Sunday Quote: Empty

Everything that seems empty

is full of the angels of God.

Hilary of Poitiers, 310 – 368 AD

Here and not here

Acknowledging that there is a groundlessness at the heart of the human condition, or an unsatisfactory element to our experience, is part of most spiritual traditions. As Pema Chodron says: “The truth is that we can never avoid uncertainty. This not knowing is part of the adventure.…”

Why are we made the way we are made, that to love

Is to want?

Well, you are gone now, and this morning I have walked out

To the back shore,

To the ocean which, even if we think we have measured it,

Has not final measure.

Sometimes you can see the great whales there,

Breaching and playing.

Sometimes the swans linger just long enough

For us to be astonished.

Then they lift their wings, they become again

A part of the untouchable clouds.

Mary Oliver, There you were and it was like spring

Just the way life is

Some days are good, some days are bad.

Today is one of them.

Lawrence Welk, American musician and bandleader, 1903 – 1992

The story of me, myself and I

What does wakefulness mean? It means resting in a kind of awareness that is so stable that it’s not thrown off by the comings and goings of events within the field of awareness. So that you don’t lose your balance when things go this way and things go that way, but you actually stay grounded when things go your way, as we put it. And when things don’t go your way, it doesn’t mean that you have to rocket yourself or spiral into depression and hopelessness and a sense of despair. But very often if we take it personally and we feel like our successes say that we’re a good person and then, by extrapolation, our failures say that there’s something wrong with me, that I’m no good. And both of those are wrong. What goes up also comes down, whether we’re talking about the stock market or a ball that you throw up in the air. And if you mistake what you think of as the reality for the reality, then you’re going to suffer because you’re attaching the story of me, myself, and my successes and my failures to something that’s actually quite impersonal.

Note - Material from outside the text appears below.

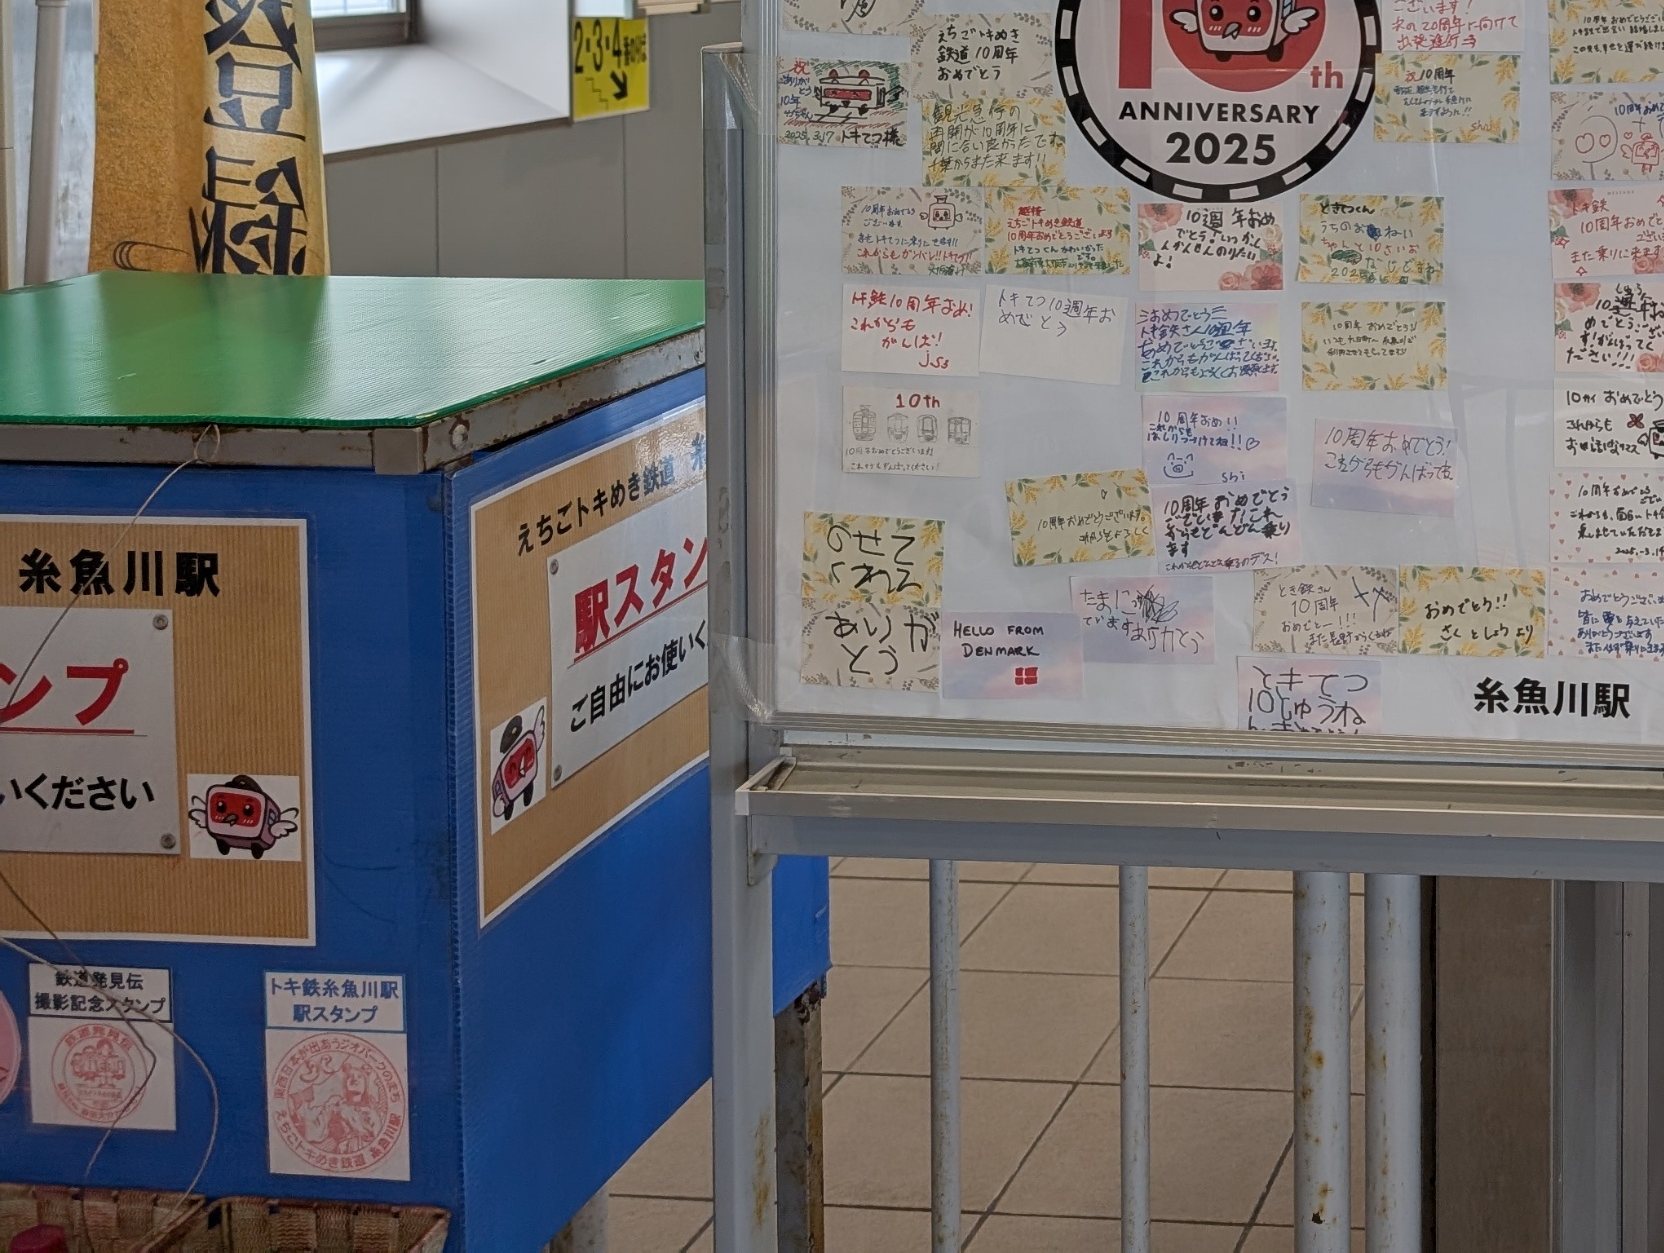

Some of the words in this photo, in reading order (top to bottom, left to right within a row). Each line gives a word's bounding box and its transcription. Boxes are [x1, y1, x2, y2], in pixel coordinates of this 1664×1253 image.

Jon Kabat Zinn, Interview with Krista Tippett, Speaking of Faith

Grounded

Some of these old teachings are very beautiful. The fundamental insight is that we are always whole and alive, even right in the midst of difficulties. We thus loosen our identification with our story as something solid, as a permanent sense of agitation, weakness or illness.

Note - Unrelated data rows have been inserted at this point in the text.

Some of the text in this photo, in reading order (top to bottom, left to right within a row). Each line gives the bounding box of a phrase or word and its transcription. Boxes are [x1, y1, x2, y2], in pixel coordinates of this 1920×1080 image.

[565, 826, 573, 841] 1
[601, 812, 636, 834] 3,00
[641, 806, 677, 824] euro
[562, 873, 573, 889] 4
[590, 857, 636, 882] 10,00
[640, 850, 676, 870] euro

A monk asked, “How can a person escape from birth, old age, sickness and death?”

Lingyun replied, “The green mountain is fundamentally unmoving,

But the floating clouds pass back and forth”

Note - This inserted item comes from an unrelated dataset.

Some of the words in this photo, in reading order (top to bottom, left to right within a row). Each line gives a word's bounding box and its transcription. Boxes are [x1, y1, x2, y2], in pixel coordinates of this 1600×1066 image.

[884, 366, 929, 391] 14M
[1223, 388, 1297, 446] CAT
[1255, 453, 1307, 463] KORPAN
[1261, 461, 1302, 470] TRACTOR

(Little is known of Lingyun Zhiqin, a disciple of Chinese Zen Master Guishan Lingyou (771 – 853). “Birth, old age, sickness and death” are shorthand for all the difficulties of life and its overall unsatisfactory nature).

A swinging door

Came across this image in Tim Burkett’s book Nothing Holy about It: The Zen of Being Just Who You Are, one of the best books I read last year.  It is one of the most famous ideas of this great teacher… Easy to understand, not so simple to do.

We say “inner world” or “outer world,” but actually there is just one whole world. In this limitless world, our throat is like a swinging door. The air comes in and goes out like someone passing through a swinging door. If you think, “I breathe,” the “I” is extra. There is no you to say”I.” What we call “I” is just a swinging door which moves when we inhale and when we exhale. It just moves; that is all. When your mind is pure and calm enough to follow this movement, there is nothing: no “I,” no world, no mind nor body; just a swinging door.